**WHAT IS BEING ASKED**
Repeat the data exactly. Pictures stay out.

Text-to-region grounding data:
[Start of section]

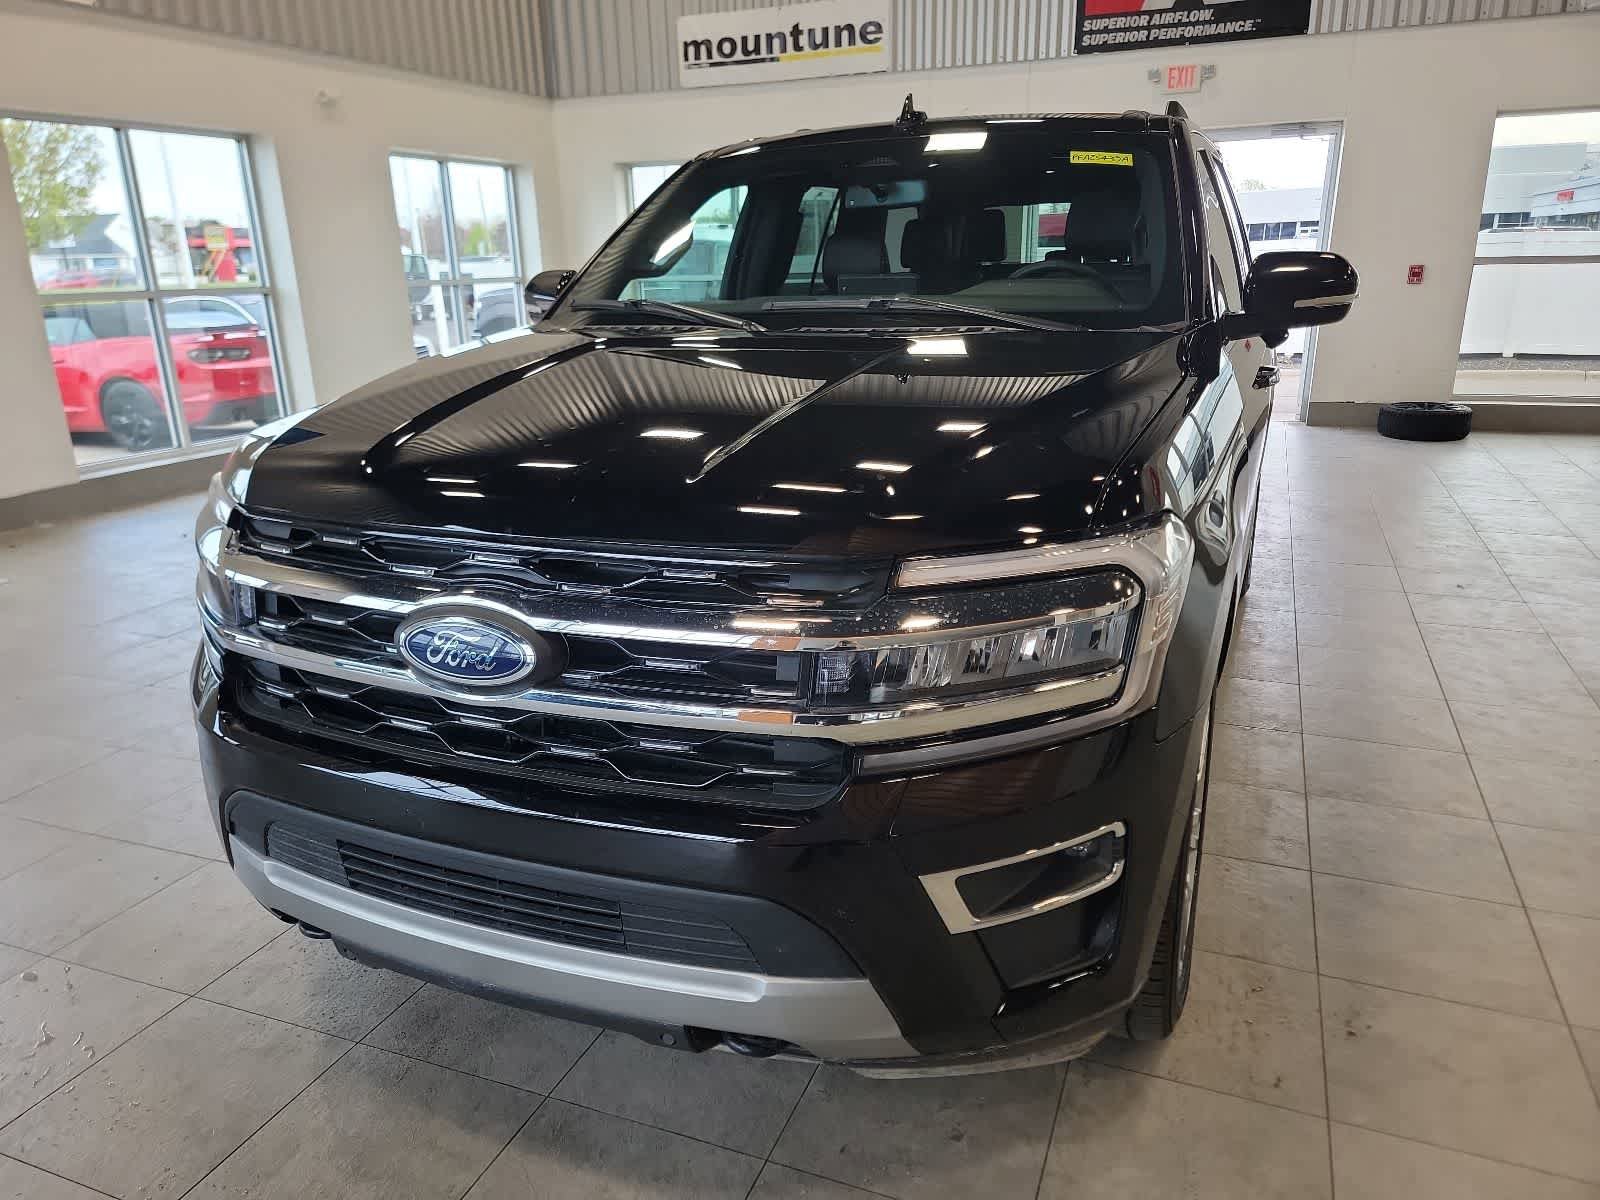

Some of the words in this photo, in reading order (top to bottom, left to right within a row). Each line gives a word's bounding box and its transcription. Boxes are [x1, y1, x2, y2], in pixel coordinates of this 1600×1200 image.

[1083, 15, 1149, 31] SUPERIOR
[1150, 9, 1214, 25] AIRFLOW.
[683, 20, 883, 62] mountune
[1082, 29, 1147, 46] SUPERIOR
[1168, 65, 1197, 89] EXIT
[426, 630, 496, 671] Ford

[End of section]

**COMPLETED TASK**
Some of the words in this photo, in reading order (top to bottom, left to right within a row). Each line gives a word's bounding box and its transcription. Boxes are [x1, y1, x2, y2], in pixel coordinates of this 1600×1200 image.

[1083, 15, 1149, 31] SUPERIOR
[1150, 9, 1214, 25] AIRFLOW.
[683, 20, 883, 62] mountune
[1082, 29, 1147, 46] SUPERIOR
[1168, 65, 1197, 89] EXIT
[426, 630, 496, 671] Ford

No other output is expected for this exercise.